Kepler’s model of the solar system

Ulinka Rublack’s book The Astronomer and the Witch: Johannes Kepler´s Fight for His Mother has inspired an opera, performed in Cambridge and Tübingen, as well as a major ‘Hollywood’ film in development.

Based on archival and printed sources, the book tells the story of how the famous astronomer Johannes Kepler (1571-1630) and his family responded to the accusation that their mother Katharina was a witch.

Between 1500 and 1700 in Europe, 73,000 men and women were tried for witchcraft and 40,000 executed. More than half of all victims were executed in the German lands from 1560; 75% of those accused were women.

One of these women was Katharina Kepler, the 68-year-old illiterate mother of the famous astronomer Johannes Kepler, who was accused in the South-West German town of Leonberg in 1615. Katharina vehemently denied the charge and her family were equally outraged.
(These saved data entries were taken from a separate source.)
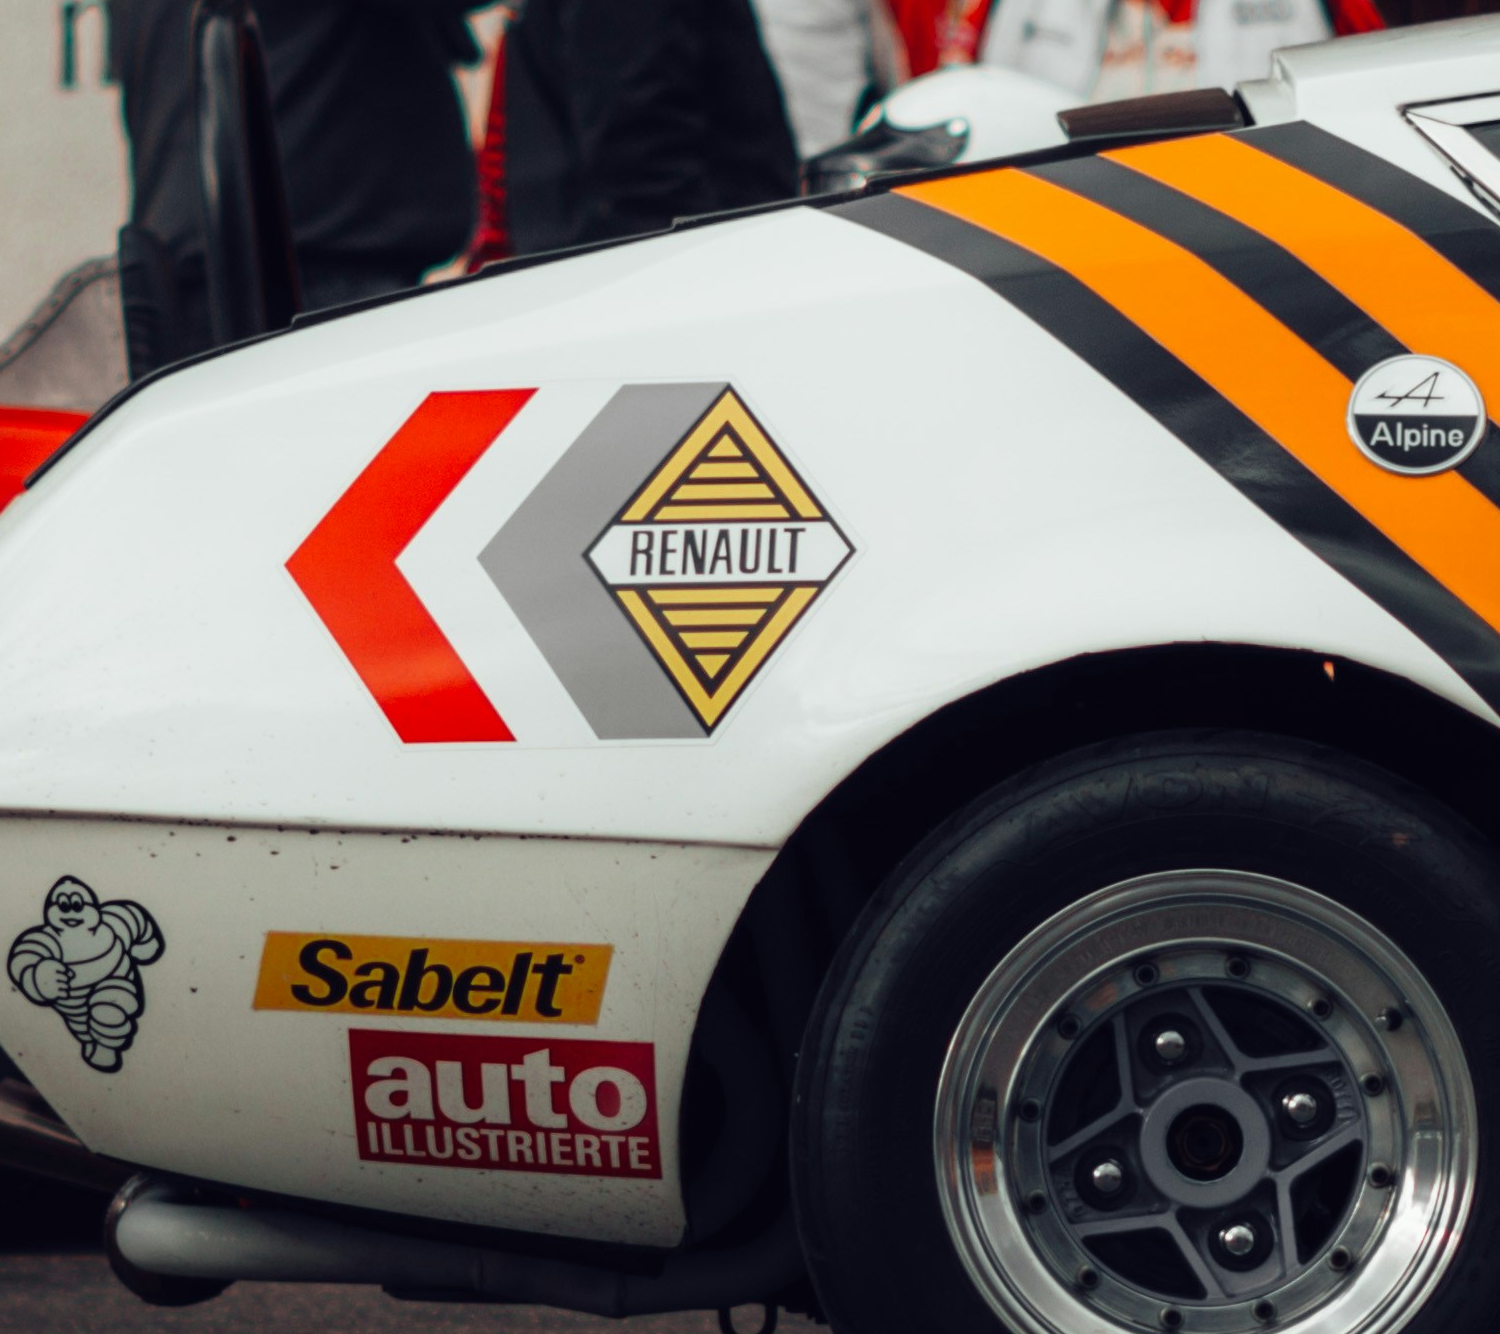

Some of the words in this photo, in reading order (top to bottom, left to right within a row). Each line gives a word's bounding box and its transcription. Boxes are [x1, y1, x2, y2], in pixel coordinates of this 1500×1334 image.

[1370, 421, 1464, 452] Alpine
[629, 527, 807, 576] RENAULT
[291, 939, 573, 1018] Sabelt
[364, 1048, 648, 1132] auto
[367, 1121, 653, 1170] ILLUSTRIERTE
The astronomer took over her legal defence. It took six years for Katharina to be acquitted, by which time she was so frail that she died within months.

In the Anglo-American fiction and non-fiction literature on this trial, Katharina has consistently been portrayed as a witch-like woman. Rublack´s book overturns this account.
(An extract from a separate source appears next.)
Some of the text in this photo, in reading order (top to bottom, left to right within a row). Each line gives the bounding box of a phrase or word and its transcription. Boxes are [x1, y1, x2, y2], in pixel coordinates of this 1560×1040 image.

She reconstructed Katharina´s life and the belief systems of the time. The book recasts the way we approach the social impact of the witchcraze and how we think about the attitude of a leading natural philosopher towards knowledge. No previous publication had used the trial to discuss Kepler´s understanding of natural philosophy.

The book has been translated into Chinese, Arabic, Italian, Hungarian and German, where it became a listed bestselling book within months, now in its fifth edition, having sold 10,000 copies.

Through documentaries, media appearances, press coverage and the book’s readership, Rublack has changed the way the public in the UK and Germany perceive Kepler and Katharina, and provided fresh insight into the personal and familial effects of the witch trials.

The book led to the creation of an entirely new opera, Kepler´s Trial, which was publicly performed at the Cambridge Festival of Ideas, the Victoria and Albert Museum, and, most recently, in parts and with new additions at Tübingen University, Germany.

In January 2018, the book attracted the interest of acclaimed film director Michael Hoffman and his production company Sympathetic Ink. There has been constant dialogue between Rublack and the writer and director as the script has evolved, and Helen Mirren has confirmed that she will act as Katharina.

“Rublack brings home the challenge and pain of lives pulled apart by the tension between a dying medieval world and the birth of the enlightenment. It was this very human dimension… that made me see in it the potential for a film.”